(5)
Down in the country the hedgerows were bridal-white with hawthorn. The gardens blazed with lilac and laburnum flower. But the heat was overpowering. And the entire county gave one the impression of an armed camp.
Soldiers, tanks, lorries and the immense closed vehicles—large as houses—that had already begun to pour through London, blocked the roads. The heat-wave, joined to the appalling pre-invasion tension was at moments almost more than one could bear. At night, the enemy dropped bombs; the roar of incessant dog-fights overhead made sleep impossible and intensified the atmosphere of strain.
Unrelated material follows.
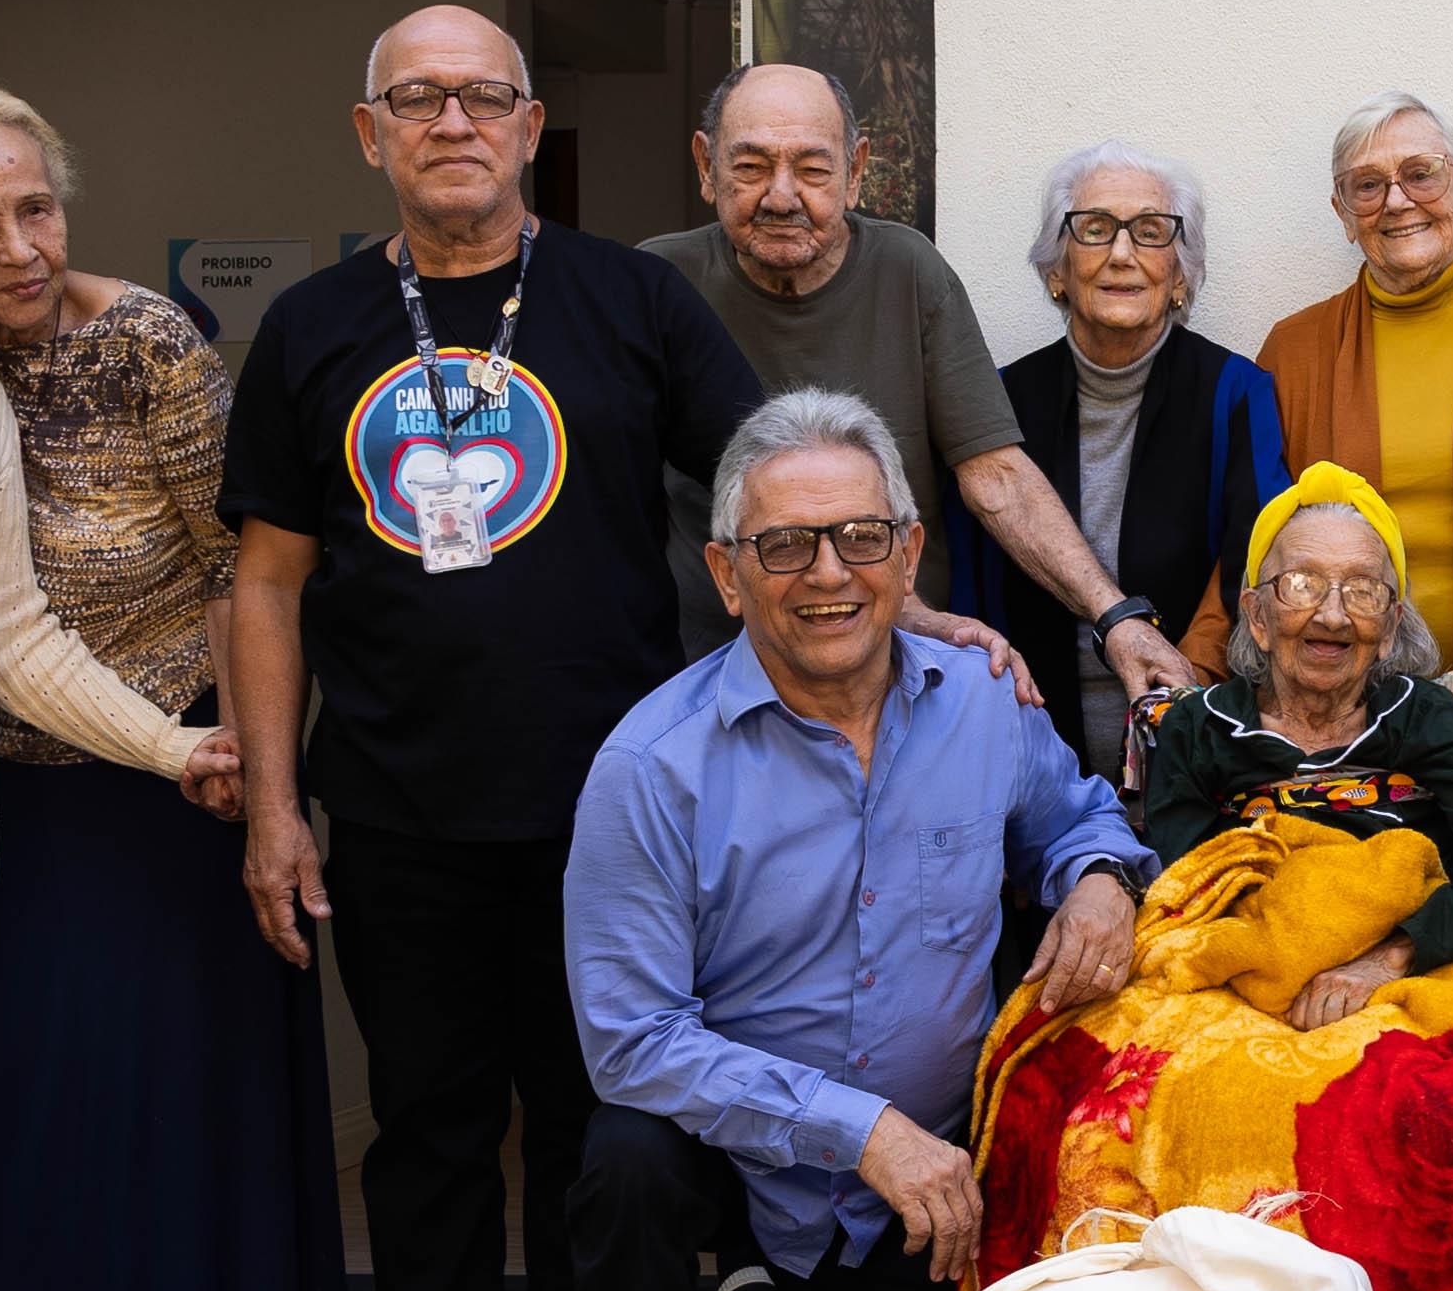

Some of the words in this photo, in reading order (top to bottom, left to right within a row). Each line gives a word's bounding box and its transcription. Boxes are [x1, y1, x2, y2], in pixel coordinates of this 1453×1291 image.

Almost immediately after my arrival in Sussex, such tremendous events started happening that one almost ceased to have any personal life of one’s own. One simply sat there panting, eyes excitedly scanning the headlines, ears glued firmly to the wireless, from which, in thrill-smitten, feverish voices, the announcers proclaimed the heroic happenings of the last weeks of the war.
About mid-June, another of my aunts invited me to stay with her. She lived in Hove—a place I have always particularly detested—and was the kind of invalid who could only endure the society of other people at stated times.
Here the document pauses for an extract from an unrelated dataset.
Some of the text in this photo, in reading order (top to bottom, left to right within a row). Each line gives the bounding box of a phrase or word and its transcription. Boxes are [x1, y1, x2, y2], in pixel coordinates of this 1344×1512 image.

Now, my dislike of Hove is so intense as to amount almost to a mania. So much so indeed, than when obliged to go there, I try as far as possible to keep my eyes shut. In that way, I avoid a good deal that I had rather not see. And this, as may well be imagined, tends to induce a somewhat introverted state of mind.
Picture to yourself, then, my excitement when, on withdrawing myself in horror from my surroundings and slamming the door of my interior citadel, I discovered therein, bubbling and seething like a witches’ cauldron in the depths of what I believe is to-day known as the subconscious mind, something which obviously just couldn’t wait another minute for its release.
There was only one way of effecting this.
I sat down, took up my pen and began to write….
And that, ladies and gentlemen, is how the first chapters of this book were born.
(6)
I must say that to me it was like heaven to know that I could sit down there, uninterrupted, and write for as long as I chose.
In the convent, one of the things that had tried me most was the incessant change of occupation which became obligatory at the first sound of the bell. The discipline, too, of the thoughts which the Rule exacted was a severe trial to anyone blessed—or cursed—with an imagination like mine. The worst struggles always took place during (a) mental prayer, (b) the long hours spent in the recital of the Divine Office and (c) the time before sleep came to one at night. All of which were, of course, occasions when the Rule demanded that one’s thoughts should be wholly occupied with ‘spiritual’ things.
There were times when the urge to yield was almost irresistible. To kneel down and apply oneself to prayer seemed the signal for an army of attractive ideas to invade one’s mind. In my case they were generally in the form of plots for stories; notions for essays; chapter-openings and conclusions; exciting situations; scraps of entertaining dialogue; even verses and ideas for plays. The very air seemed charged with these amusing literary odds and ends. As Elgar once declared about music, it was there all round you; you had but to reach out your hand to grasp it and it became your own.
One day I complained about this to a wise old nun to whom the Mistress of Novices had sent me in accordance with an ancient custom of the house. This decreed that on vigils of the greater festivals the novices should be sent to certain of the more venerable members of the community with the request that they should tell them of their faults.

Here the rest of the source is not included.